▶ **EXERCISE PROMPT**
Nothing but the records, repeated word for word and free of pictures, belongs in the answer.

▶ **MATERIAL SUPPLIED**

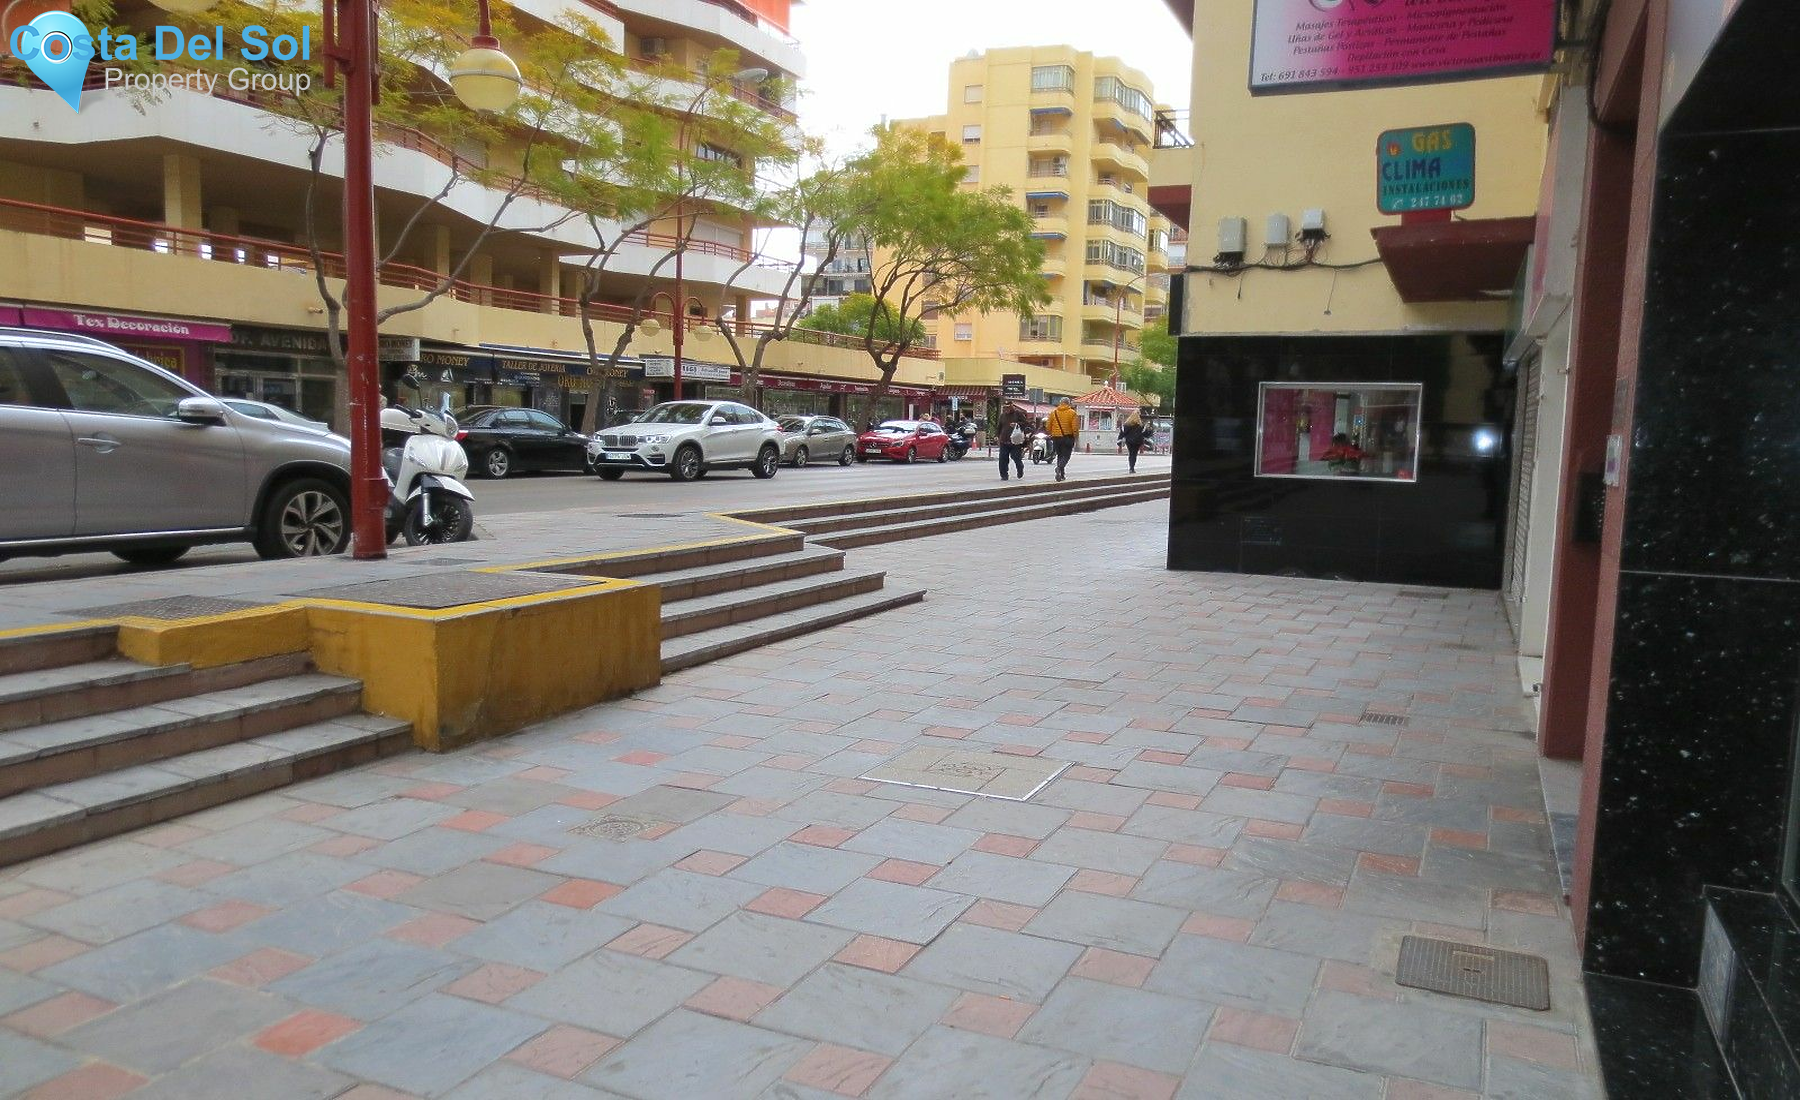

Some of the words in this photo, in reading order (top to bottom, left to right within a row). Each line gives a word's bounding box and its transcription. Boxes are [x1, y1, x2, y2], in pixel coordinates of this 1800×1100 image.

[1296, 19, 1333, 32] Masajes
[1288, 33, 1312, 43] Uñas
[1260, 71, 1277, 83] Tel:
[1278, 69, 1296, 81] 691
[1298, 67, 1318, 80] 843
[1411, 130, 1453, 153] GAS
[1382, 156, 1441, 181] CLIMA
[73, 314, 104, 328] Tex
[106, 317, 190, 336] Decoración
[436, 355, 470, 367] MONEY
[502, 360, 527, 370] TALLER
[528, 363, 538, 371] DE
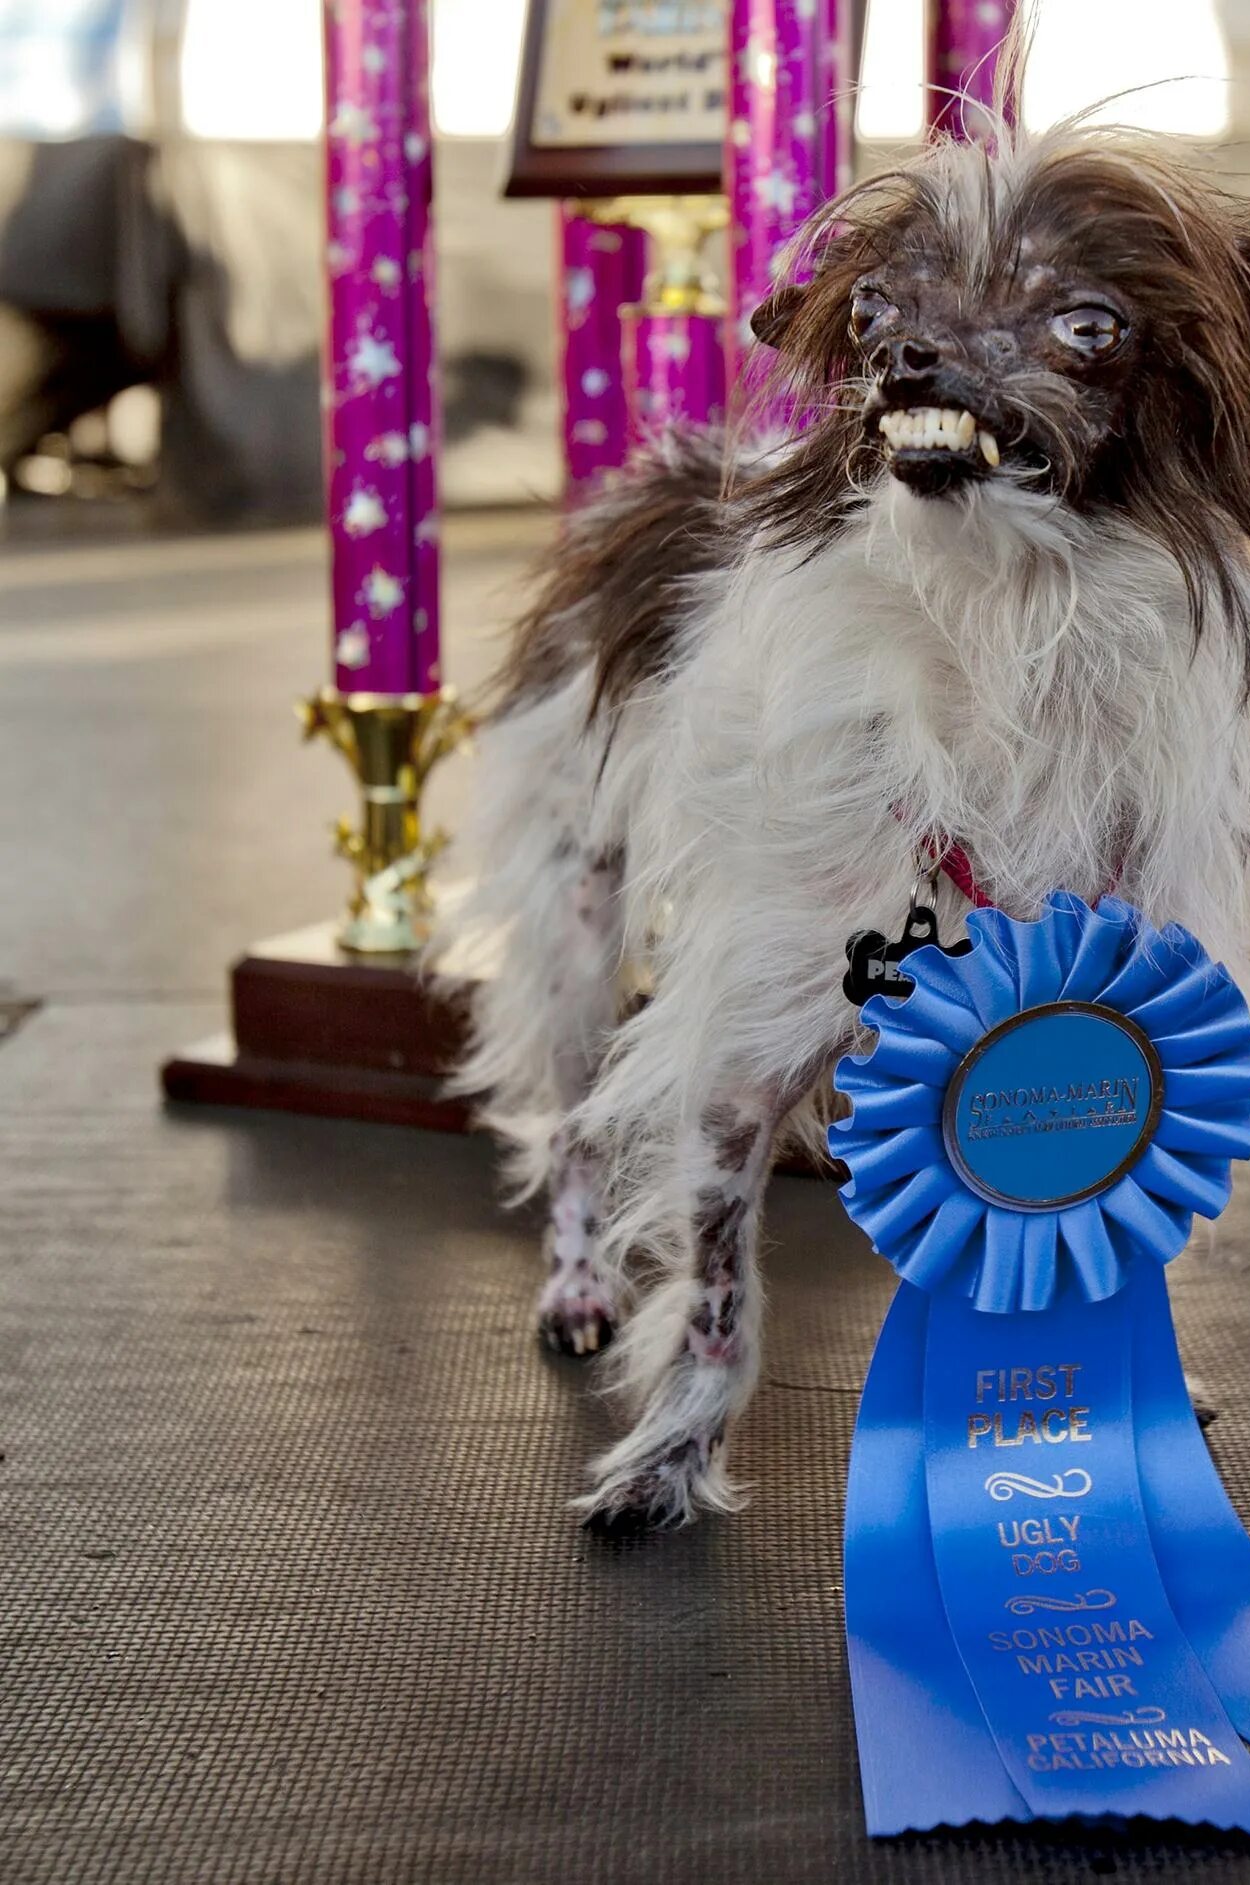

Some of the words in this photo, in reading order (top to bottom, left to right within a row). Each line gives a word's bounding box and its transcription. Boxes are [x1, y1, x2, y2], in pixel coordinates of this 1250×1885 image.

[867, 959, 914, 983] PE
[968, 1076, 1140, 1128] SONOMA-MARIN
[976, 1364, 1081, 1403] FIRST
[967, 1407, 1092, 1448] PLACE
[998, 1515, 1081, 1547] UGLY
[1012, 1549, 1081, 1576] DOG
[988, 1619, 1154, 1651] SONOMA
[1017, 1646, 1145, 1675] MARIN
[1050, 1674, 1138, 1700] FAIR
[1026, 1728, 1212, 1754] PETALUMA
[1027, 1747, 1232, 1771] CALIFORNIA

▶ **RESULT OF THE EXERCISE**
Some of the words in this photo, in reading order (top to bottom, left to right within a row). Each line gives a word's bounding box and its transcription. Boxes are [x1, y1, x2, y2], in pixel coordinates of this 1800×1100 image.

[1296, 19, 1333, 32] Masajes
[1288, 33, 1312, 43] Uñas
[1260, 71, 1277, 83] Tel:
[1278, 69, 1296, 81] 691
[1298, 67, 1318, 80] 843
[1411, 130, 1453, 153] GAS
[1382, 156, 1441, 181] CLIMA
[73, 314, 104, 328] Tex
[106, 317, 190, 336] Decoración
[436, 355, 470, 367] MONEY
[502, 360, 527, 370] TALLER
[528, 363, 538, 371] DE

Some of the words in this photo, in reading order (top to bottom, left to right within a row). Each line gives a word's bounding box and its transcription. Boxes are [x1, y1, x2, y2], in pixel coordinates of this 1250×1885 image.

[867, 959, 914, 983] PE
[968, 1076, 1140, 1128] SONOMA-MARIN
[976, 1364, 1081, 1403] FIRST
[967, 1407, 1092, 1448] PLACE
[998, 1515, 1081, 1547] UGLY
[1012, 1549, 1081, 1576] DOG
[988, 1619, 1154, 1651] SONOMA
[1017, 1646, 1145, 1675] MARIN
[1050, 1674, 1138, 1700] FAIR
[1026, 1728, 1212, 1754] PETALUMA
[1027, 1747, 1232, 1771] CALIFORNIA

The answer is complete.